_Saved entries_:
*** Begin section ***
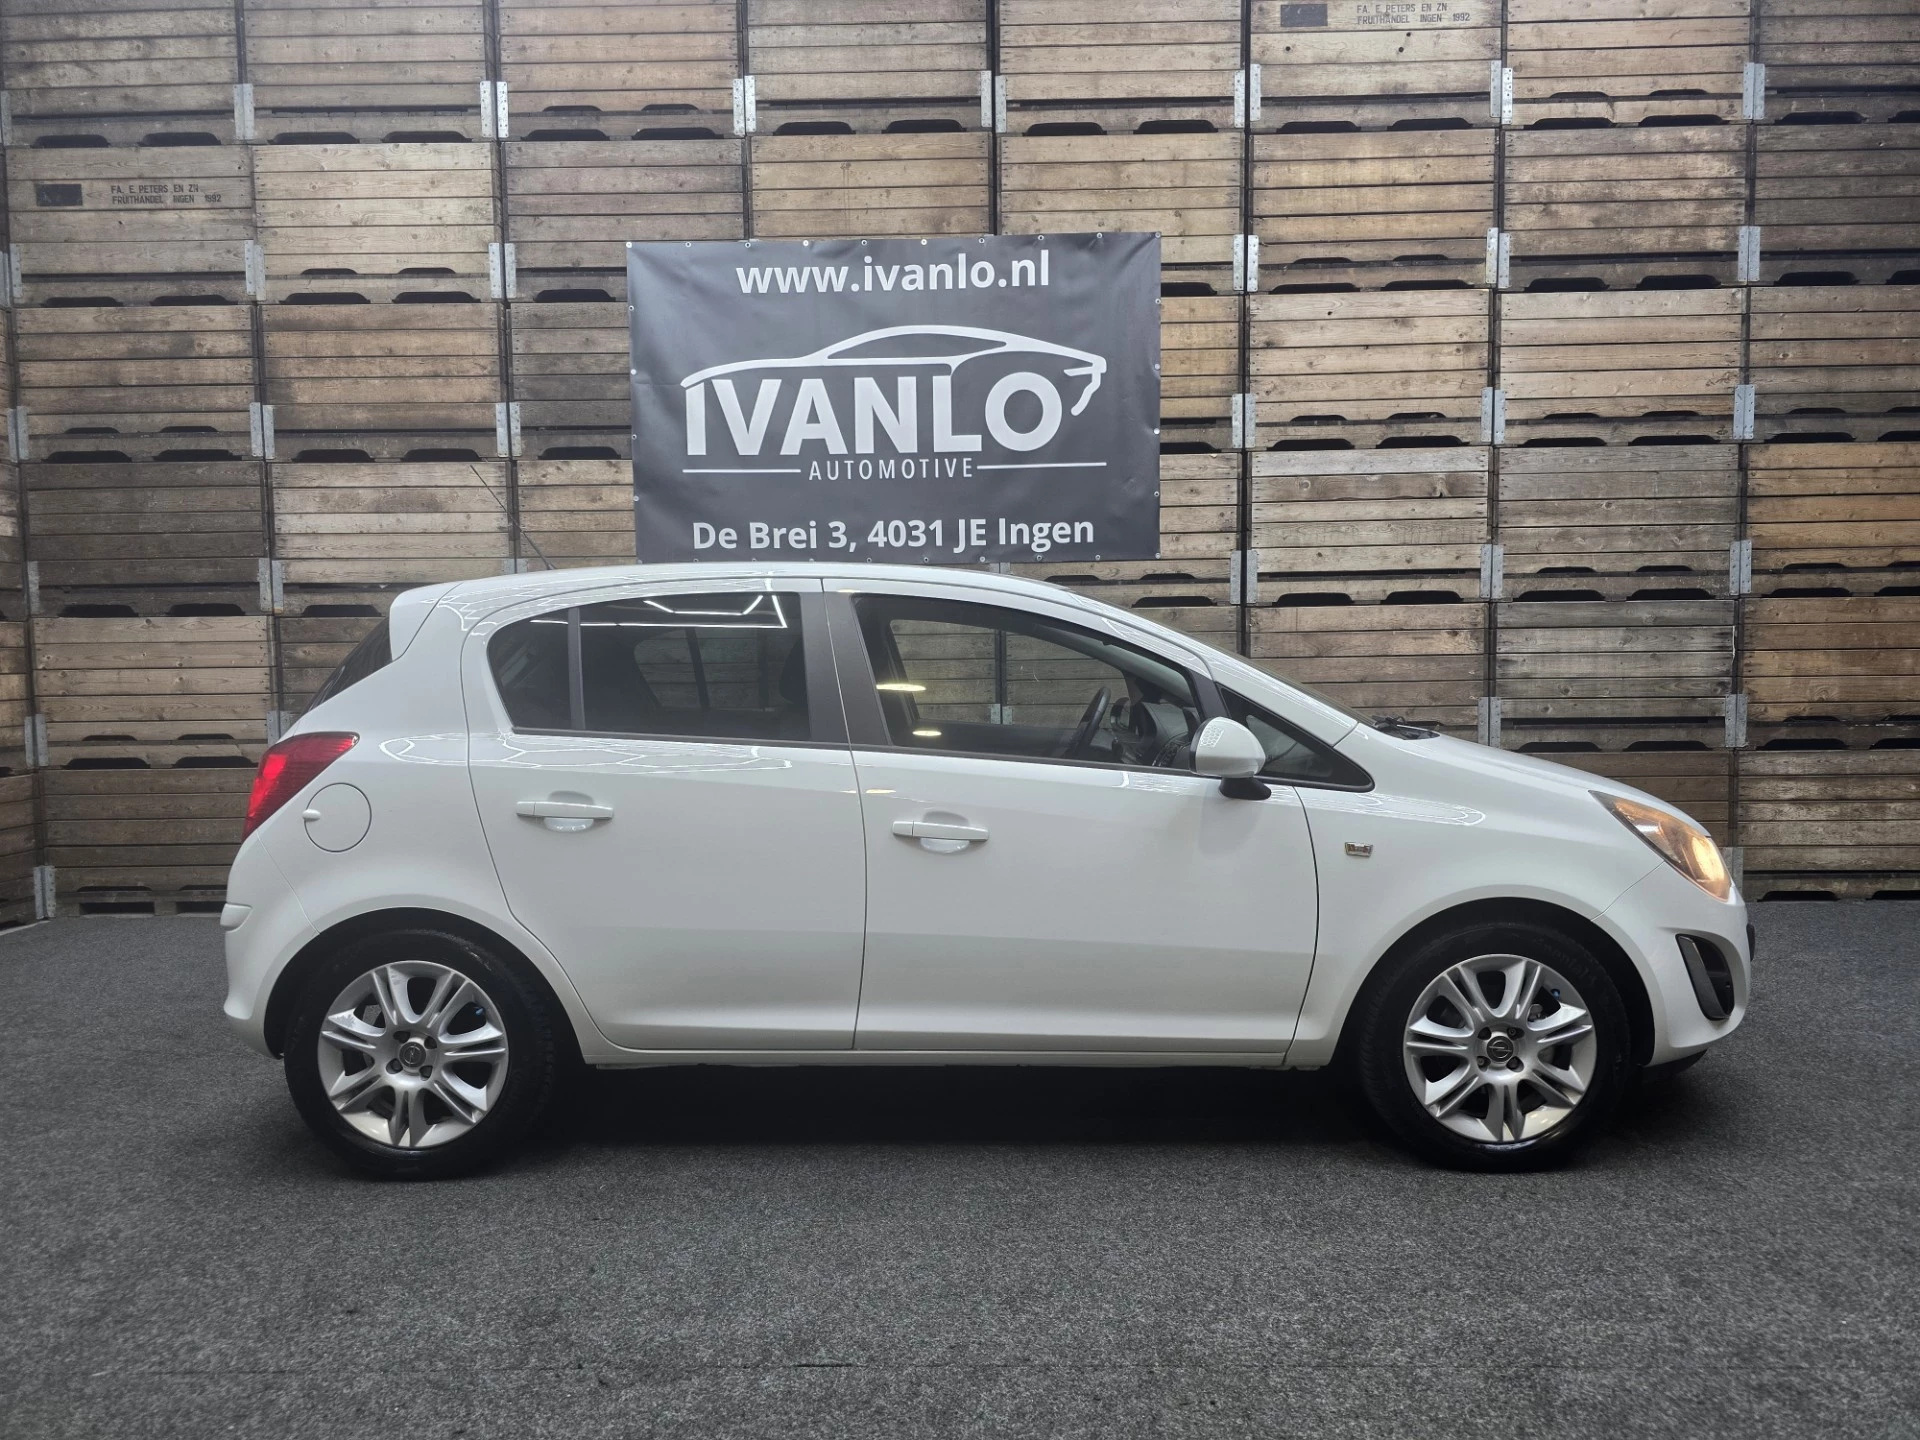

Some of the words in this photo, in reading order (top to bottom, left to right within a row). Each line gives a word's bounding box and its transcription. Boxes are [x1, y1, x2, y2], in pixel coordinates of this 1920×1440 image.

[1385, 3, 1416, 13] PETERS
[1421, 3, 1432, 12] EN
[1436, 2, 1448, 12] ZN
[1357, 14, 1410, 25] FRUITHANDEL
[1419, 13, 1443, 23] INGEN
[138, 184, 169, 194] PETERS
[173, 184, 184, 193] EN
[188, 183, 199, 193] ZN
[112, 195, 164, 205] FRUITHANDEL
[172, 194, 195, 204] INGEN
[736, 249, 1050, 294] www.ivanlo.nl
[685, 371, 1063, 456] IVANLO
[808, 457, 973, 481] AUTOMOTIVE
[693, 521, 738, 550] De
[749, 520, 818, 549] Brei
[828, 520, 857, 553] 3,
[867, 519, 943, 548] 4031
[953, 518, 987, 554] JE
[998, 517, 1094, 553] Ingen
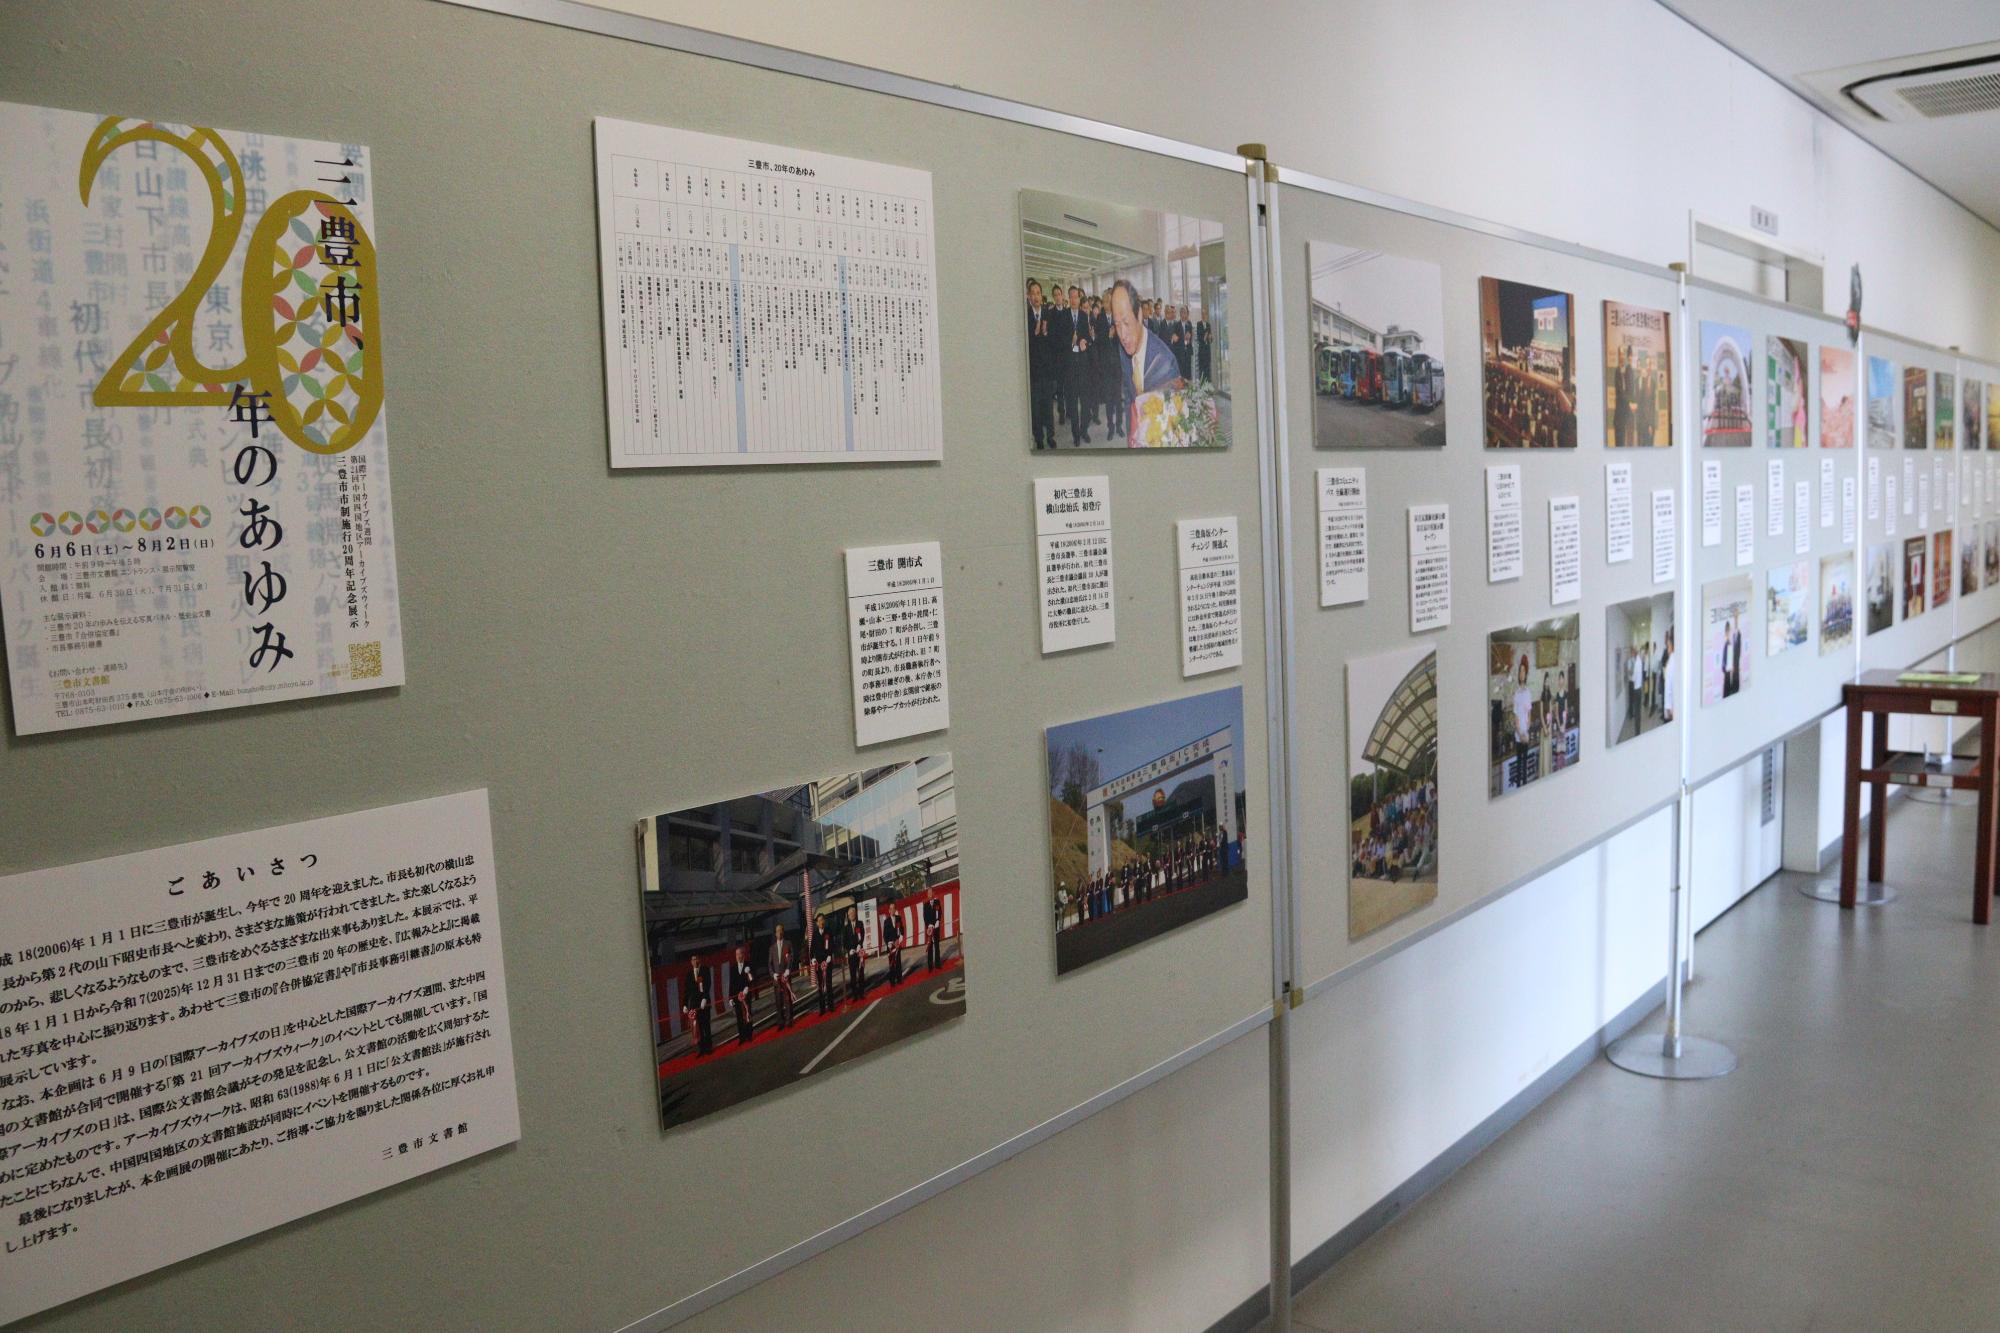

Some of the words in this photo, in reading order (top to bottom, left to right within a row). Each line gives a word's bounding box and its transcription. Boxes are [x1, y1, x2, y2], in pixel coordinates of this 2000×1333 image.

[1054, 488, 1093, 499] 初代三豊市長
[228, 383, 294, 673] 年のあゆみ
[336, 455, 359, 629] 三豊市市制施行20周年記念展示
[868, 557, 894, 572] 三豊市
[381, 1122, 469, 1161] 三豊市文書館
[6, 1221, 79, 1254] し上げます。
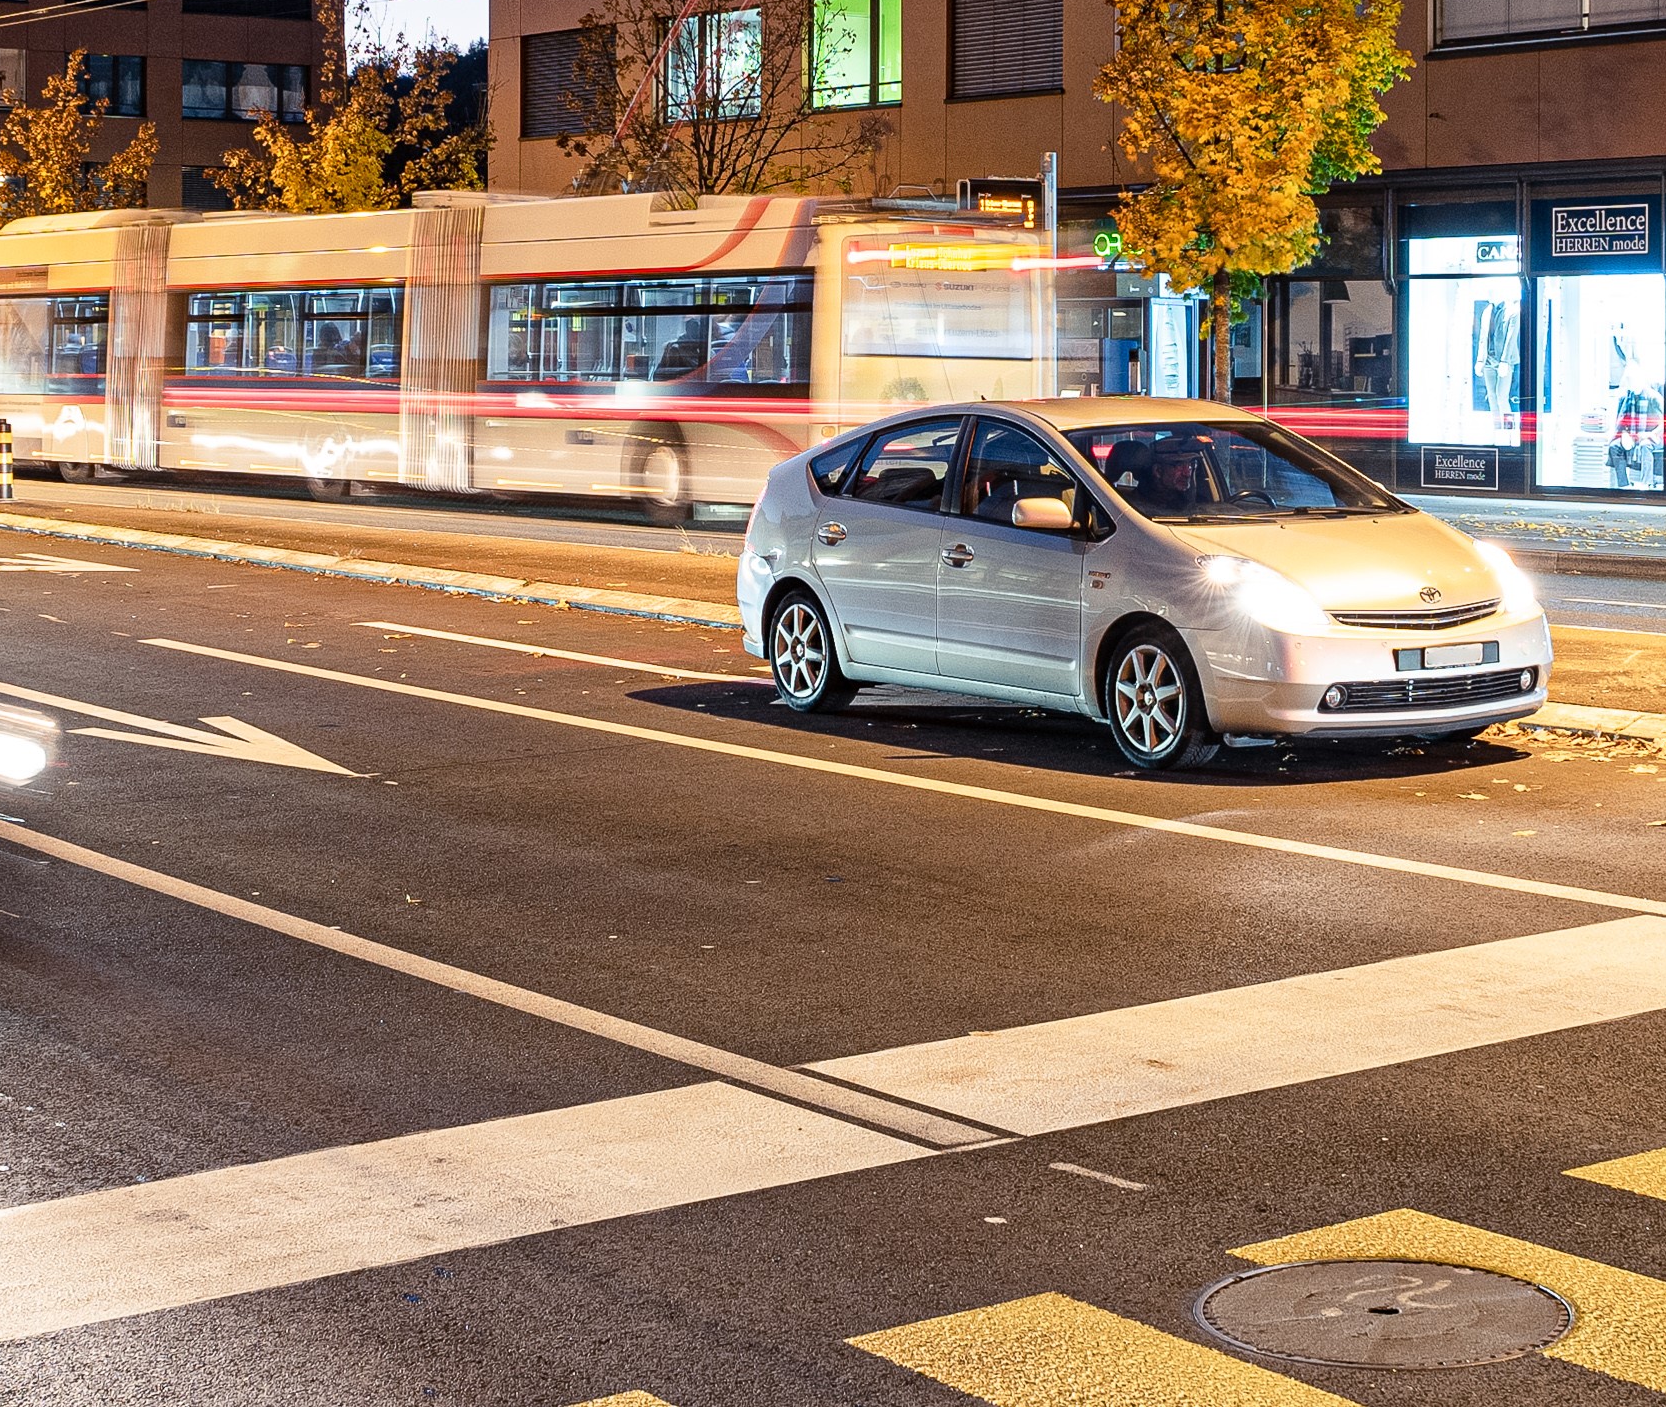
*** End section ***
_Task details_:
Return each entry exactly as given. Leave the images out.

_Expected output_:
Some of the words in this photo, in reading order (top to bottom, left to right within a row). Each line gives a word's bounding box and its transcription. Boxes are [x1, y1, x2, y2], in pixel coordinates of this 1920×1440 image.

[1385, 3, 1416, 13] PETERS
[1421, 3, 1432, 12] EN
[1436, 2, 1448, 12] ZN
[1357, 14, 1410, 25] FRUITHANDEL
[1419, 13, 1443, 23] INGEN
[138, 184, 169, 194] PETERS
[173, 184, 184, 193] EN
[188, 183, 199, 193] ZN
[112, 195, 164, 205] FRUITHANDEL
[172, 194, 195, 204] INGEN
[736, 249, 1050, 294] www.ivanlo.nl
[685, 371, 1063, 456] IVANLO
[808, 457, 973, 481] AUTOMOTIVE
[693, 521, 738, 550] De
[749, 520, 818, 549] Brei
[828, 520, 857, 553] 3,
[867, 519, 943, 548] 4031
[953, 518, 987, 554] JE
[998, 517, 1094, 553] Ingen

Some of the words in this photo, in reading order (top to bottom, left to right within a row). Each line gives a word's bounding box and its transcription. Boxes are [x1, y1, x2, y2], in pixel coordinates of this 2000×1333 image.

[1054, 488, 1093, 499] 初代三豊市長
[228, 383, 294, 673] 年のあゆみ
[336, 455, 359, 629] 三豊市市制施行20周年記念展示
[868, 557, 894, 572] 三豊市
[381, 1122, 469, 1161] 三豊市文書館
[6, 1221, 79, 1254] し上げます。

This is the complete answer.